> **Records contained in a dataset**
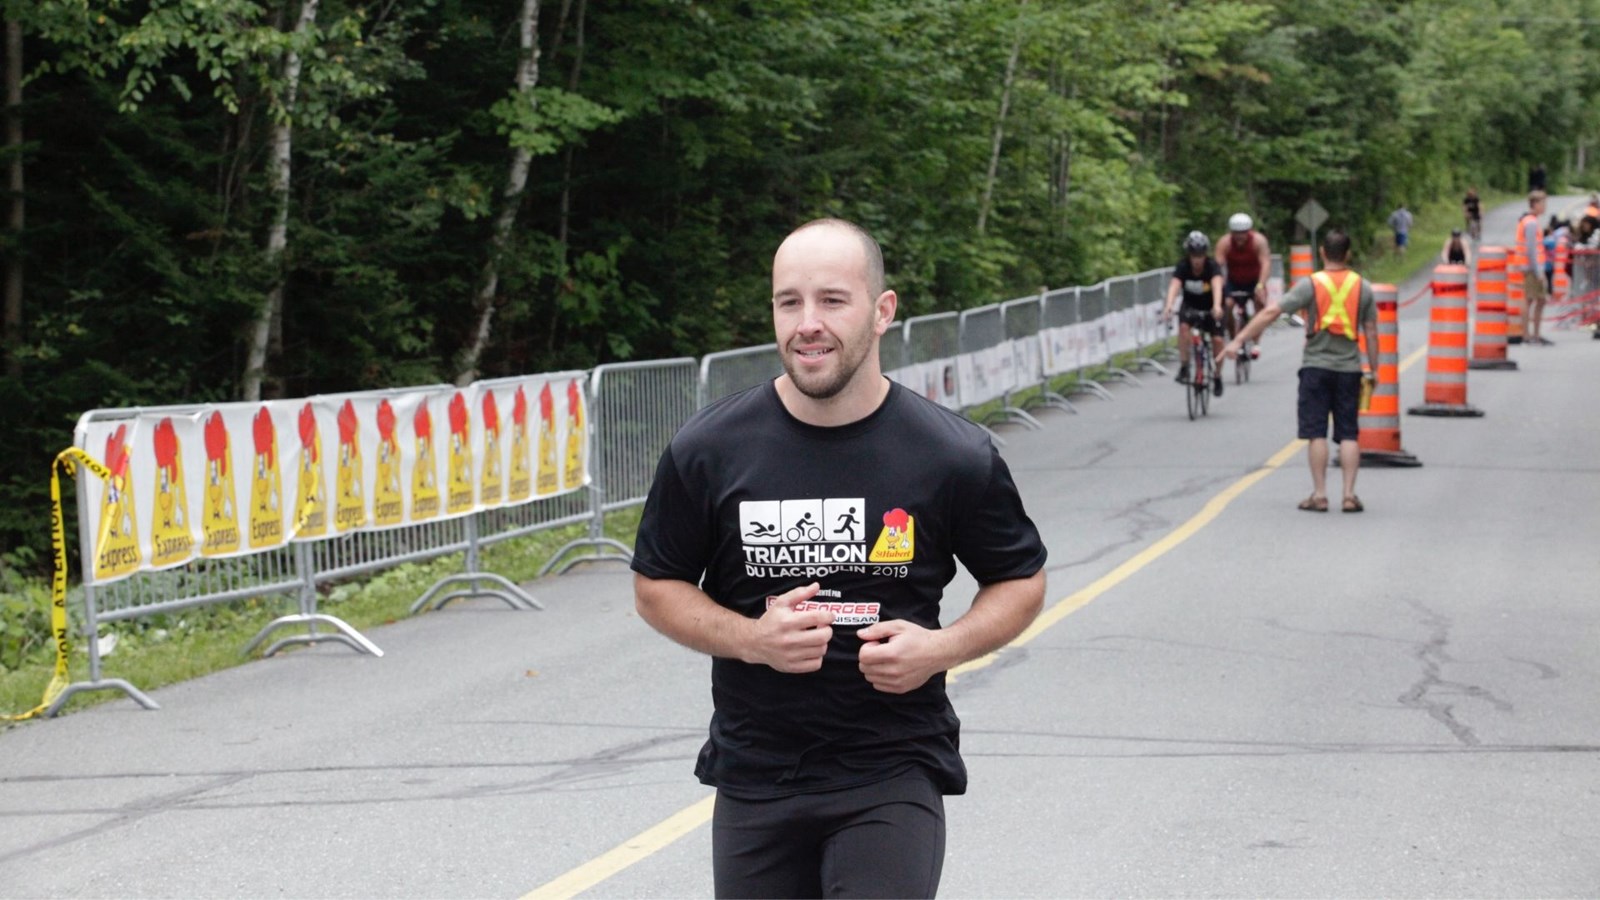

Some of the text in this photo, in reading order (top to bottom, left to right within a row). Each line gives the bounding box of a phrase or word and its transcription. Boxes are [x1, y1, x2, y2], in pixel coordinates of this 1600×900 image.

[205, 525, 238, 550] Express
[252, 517, 281, 541] Express
[155, 533, 191, 559] Express
[743, 544, 867, 563] TRIATHLON
[746, 564, 908, 579] DU LAC-POULIN 2019

> **Task instructions**
From the first line to the last, please copy the data exactly, with the pictures left out.

> **Solution**
Some of the text in this photo, in reading order (top to bottom, left to right within a row). Each line gives the bounding box of a phrase or word and its transcription. Boxes are [x1, y1, x2, y2], in pixel coordinates of this 1600×900 image.

[205, 525, 238, 550] Express
[252, 517, 281, 541] Express
[155, 533, 191, 559] Express
[743, 544, 867, 563] TRIATHLON
[746, 564, 908, 579] DU LAC-POULIN 2019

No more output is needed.